Fix batch stat updates for graph-regularized estimator in TensorFlow 1.x

csferng · tensorflow-copybara · commit 7058e04f8a1f · 2020-07-06T16:38:07.000-07:00
PiperOrigin-RevId: 319880602
diff --git a/neural_structured_learning/estimator/graph_regularization.py b/neural_structured_learning/estimator/graph_regularization.py
@@ -151,10 +151,14 @@ def graph_reg_model_fn(features, labels, mode, params=None, config=None):
         optimizer = tf.train.AdagradOptimizer(learning_rate=0.05)
       else:
         optimizer = optimizer_fn()
-      final_train_op = optimizer.minimize(
+      train_op = optimizer.minimize(
           loss=total_loss, global_step=tf.compat.v1.train.get_global_step())
+      update_ops = tf.compat.v1.get_collection(
+          tf.compat.v1.GraphKeys.UPDATE_OPS)
+      if update_ops:
+        train_op = tf.group(train_op, *update_ops)
 
-    return base_spec._replace(loss=total_loss, train_op=final_train_op)
+    return base_spec._replace(loss=total_loss, train_op=train_op)
 
   # Replaces the model_fn while keeping other fields/methods in the estimator.
   estimator._model_fn = graph_reg_model_fn  # pylint: disable=protected-access
diff --git a/neural_structured_learning/estimator/graph_regularization_test.py b/neural_structured_learning/estimator/graph_regularization_test.py
@@ -436,6 +436,73 @@ def test_graph_reg_model_evaluate(self):
     self._train_and_check_eval_results(
         train_example, test_example, max_neighbors=2, weight=weight, bias=bias)
 
+  @test_util.run_v1_only('Requires tf.GraphKeys')
+  def test_graph_reg_wrapper_saving_batch_statistics(self):
+    """Verifies that batch statistics in batch-norm layers are saved."""
+
+    def optimizer_fn():
+      return tf.train.GradientDescentOptimizer(0.005)
+
+    def embedding_fn(features, mode):
+      input_layer = features[FEATURE_NAME]
+      with tf.compat.v1.variable_scope('hidden_layer', reuse=tf.AUTO_REUSE):
+        hidden_layer = tf.compat.v1.layers.dense(
+            input_layer, units=4, activation=tf.nn.relu)
+        batch_norm_layer = tf.compat.v1.layers.batch_normalization(
+            hidden_layer, training=(mode == tf.estimator.ModeKeys.TRAIN))
+      return batch_norm_layer
+
+    def model_fn(features, labels, mode, params=None, config=None):
+      del params, config
+      embeddings = embedding_fn(features, mode)

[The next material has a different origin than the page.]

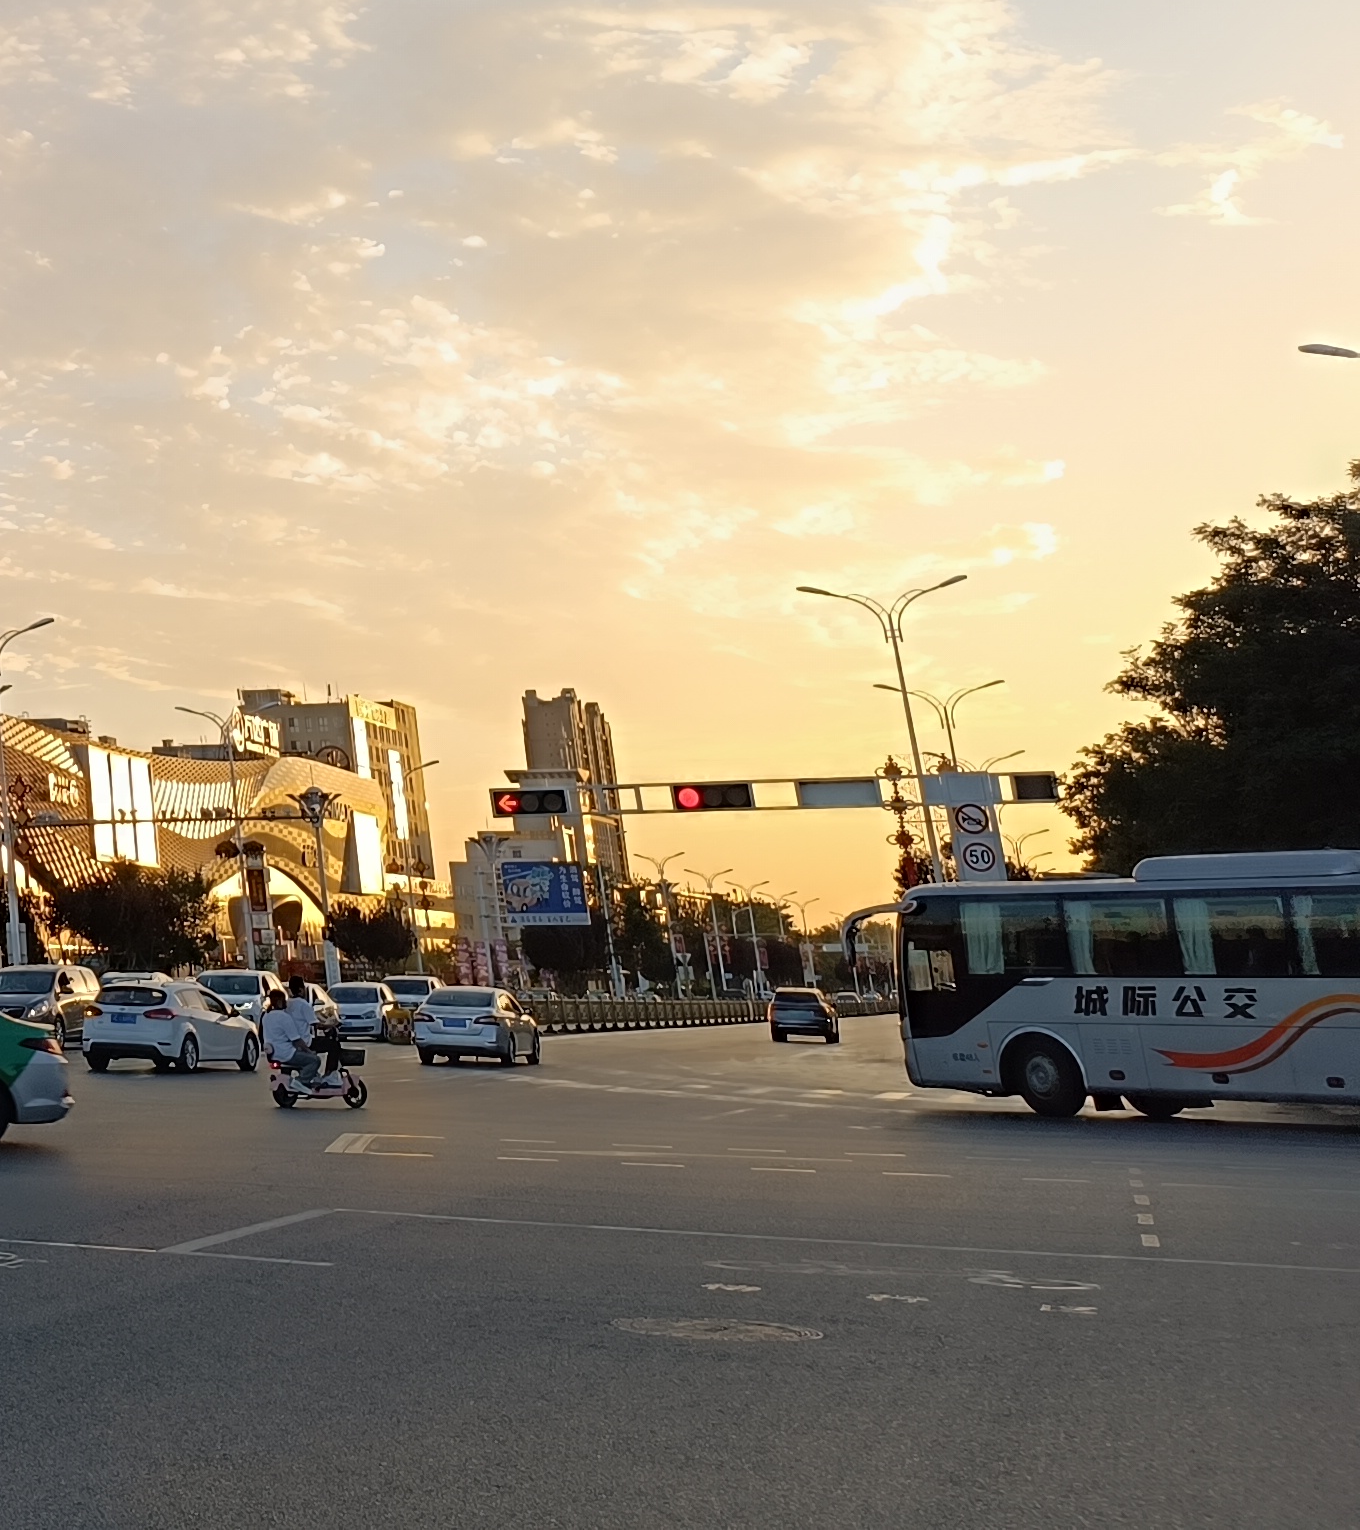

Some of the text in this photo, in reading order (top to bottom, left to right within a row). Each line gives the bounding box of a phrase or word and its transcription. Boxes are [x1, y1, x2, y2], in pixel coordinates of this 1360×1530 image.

[969, 849, 991, 865] 50
[1073, 985, 1258, 1020] 城际公交
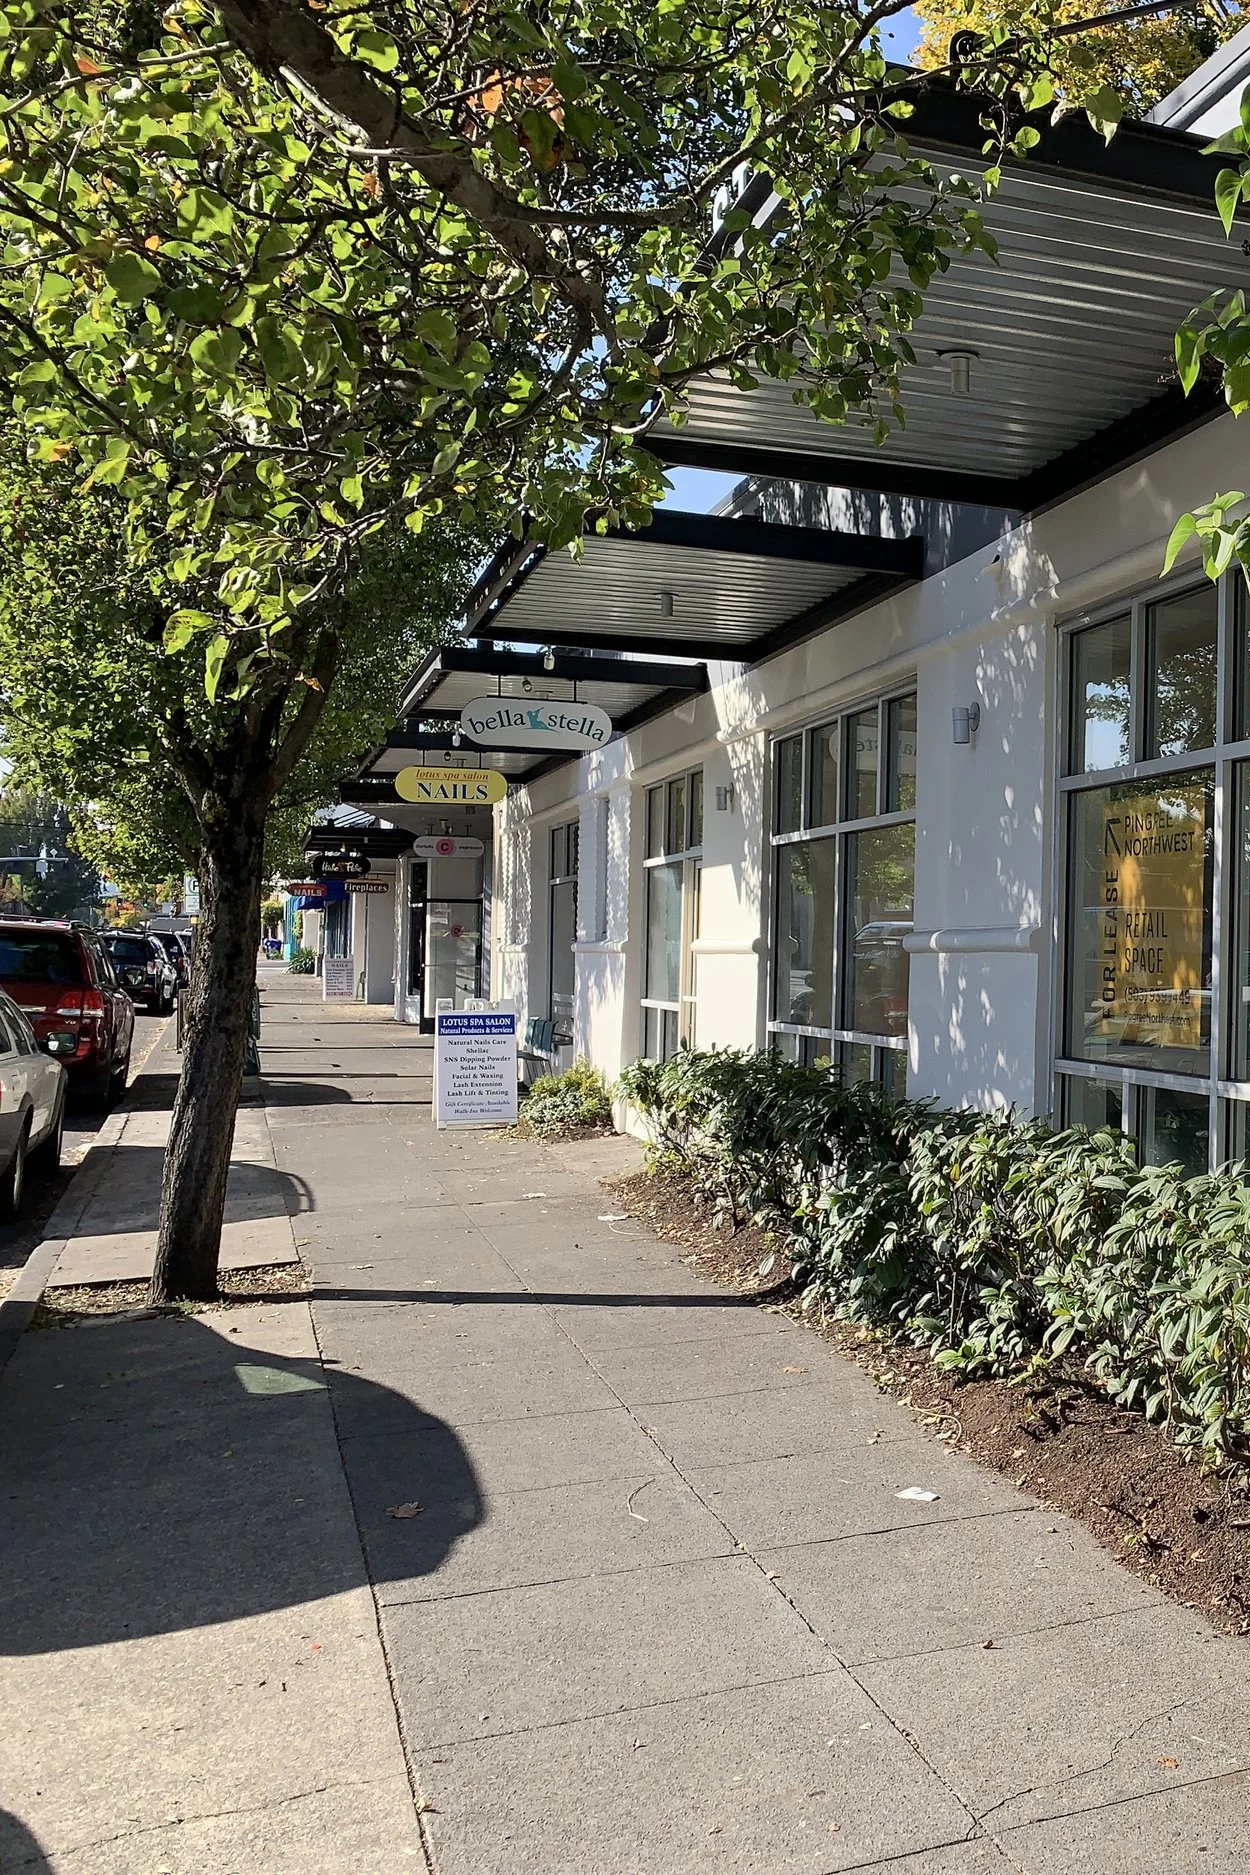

+      with tf.compat.v1.variable_scope('logit', reuse=tf.AUTO_REUSE):
+        logits = tf.compat.v1.layers.dense(embeddings, units=1)
+      predictions = tf.argmax(logits, 1)
+      if mode == tf.estimator.ModeKeys.PREDICT:
+        return tf.estimator.EstimatorSpec(
+            mode=mode,
+            predictions={
+                'logits': logits,
+                'predictions': predictions
+            })
+
+      loss = tf.losses.sigmoid_cross_entropy(labels, logits)
+      if mode == tf.estimator.ModeKeys.EVAL:
+        return tf.estimator.EstimatorSpec(mode=mode, loss=loss)
+
+      optimizer = optimizer_fn()
+      train_op = optimizer.minimize(
+          loss, global_step=tf.compat.v1.train.get_global_step())
+      update_ops = tf.compat.v1.get_collection(
+          tf.compat.v1.GraphKeys.UPDATE_OPS)
+      train_op = tf.group(train_op, *update_ops)
+      return tf.estimator.EstimatorSpec(mode=mode, loss=loss, train_op=train_op)
+
+    def input_fn():
+      nbr_feature = '{}{}_{}'.format(NBR_FEATURE_PREFIX, 0, FEATURE_NAME)
+      nbr_weight = '{}{}{}'.format(NBR_FEATURE_PREFIX, 0, NBR_WEIGHT_SUFFIX)
+      features = {
+          FEATURE_NAME: tf.constant([[0.1, 0.9], [0.8, 0.2]]),
+          nbr_feature: tf.constant([[0.11, 0.89], [0.81, 0.21]]),
+          nbr_weight: tf.constant([[0.9], [0.8]]),
+      }
+      labels = tf.constant([[1], [0]])
+      return tf.data.Dataset.from_tensor_slices((features, labels)).batch(2)
+
+    base_est = tf.estimator.Estimator(model_fn, model_dir=self.model_dir)
+    graph_reg_config = nsl_configs.make_graph_reg_config(
+        max_neighbors=1, multiplier=1)
+    graph_reg_est = nsl_estimator.add_graph_regularization(
+        base_est, embedding_fn, optimizer_fn, graph_reg_config=graph_reg_config)
+    graph_reg_est.train(input_fn, steps=1)
+
+    moving_mean = graph_reg_est.get_variable_value(
+        'hidden_layer/batch_normalization/moving_mean')
+    moving_variance = graph_reg_est.get_variable_value(
+        'hidden_layer/batch_normalization/moving_variance')
+    self.assertNotAllClose(moving_mean, np.zeros(moving_mean.shape))
+    self.assertNotAllClose(moving_variance, np.ones(moving_variance.shape))
+
 
 if __name__ == '__main__':
   tf.test.main()